Que veulent vraiment les Verts « officiels » calaisiens ?

477217682.jpgSur le Littoral Boulogne-Calais-Dunkerque, les Ecologistes et les Verts se rassemblent avec la gauche dès le 1er tour. C’est vrai à Boulogne où nos amis Max Papyle et Pierre Géneau ont rejoint Frédéric Cuvillier, maire PS, avec le PCF, le MRC et le PRG. C’est vrai à Wimereux derrière Thérèse Briquet (PS) avec le PCF aussi. C’est vrai à Outreau, derrière Thérèse Guilbert (maire sortante), avec le PCF et pour la première fois les Verts. C’est vrai à Saint-Martin-Boulogne, où socialistes, communistes et Verts sont rassemblés. A Dunkerque, même scénario, où nos amis Marcel Lefèvre, Claudine Ducellier et Louardi Boughedada cultivent cette vision unitaire comme nous. C’est vrai aussi à Marck où Verts, communistes et certains socialistes ont fait cause commune, c’est vrai un peu partout… sauf à Calais ! Les Ecologistes du Calaisis partent avec la gauche unie mais pas les Verts calaisiens. Pourquoi ?
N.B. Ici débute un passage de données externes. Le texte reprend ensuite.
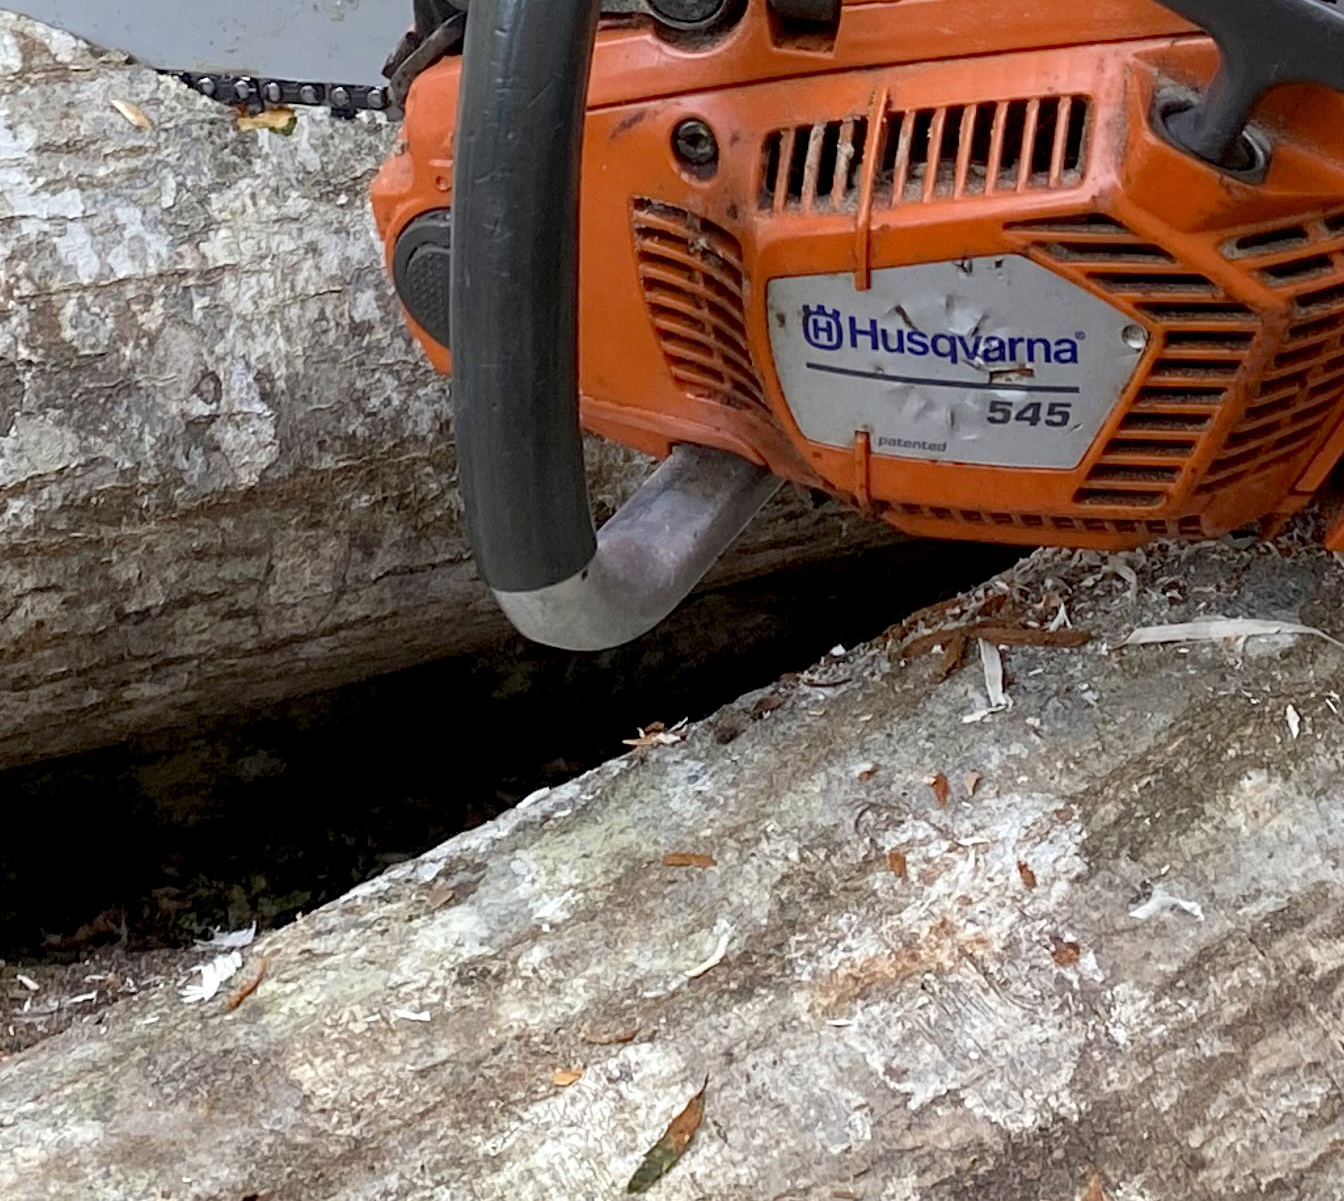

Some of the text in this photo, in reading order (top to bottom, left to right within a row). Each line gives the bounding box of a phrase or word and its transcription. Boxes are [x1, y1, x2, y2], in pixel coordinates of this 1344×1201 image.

[849, 315, 1079, 365] Husqvarna
[987, 401, 1072, 428] 545
[878, 435, 947, 453] patented
Y aurait-il un particularisme calaisien, où les écologistes seraient condamnés à être divisés ? Lors de notre rencontre avec les Verts calaisiens, nous avions évoqué la possibilité de réunifier les écologistes à l’occasion de ces municipales. Les Ecologistes du Calaisis avaient émis l’idée de négocier ensemble auprès de nos partenaires de gauche. Visiblement, ce n’était pas le schéma des Verts calaisiens, positionnés sur un rapport assez anti-communiste et très identitaire. Nous aurions été plus forts et aurions pu amorcer la refondation locale de l’écologie politique. Les Ecologistes du Calaisis ont une expérience municipale et une culture gestionnaire de l’écologie. L’écologie, c’est ce qui se voit concrètement localement.

Les Ecologistes du Calaisis ont choisi l’union parce que leur bilan va plus loin que bien des municipalités de gauche à participation « verte » dans la région. Parce que nous avons toujours été pragmatiques, parce que nous avons une culture de gestion municipale et une expérience, nous ne pouvions pas nous retrouver sur la stratégie de liste autonome de nos amis Verts calaisiens. Leur démarche ne nous semblait pas crédible. Etre absent de la vie politique locale et se pointer uniquement tous les 6 ans aux élections, ça n’est pas sérieux. Nier le bilan des élus écologistes actuels l’est encore moins. Nous ne critiquons pas les Verts, nous sommes d’accord avec eux sur l’essentiel.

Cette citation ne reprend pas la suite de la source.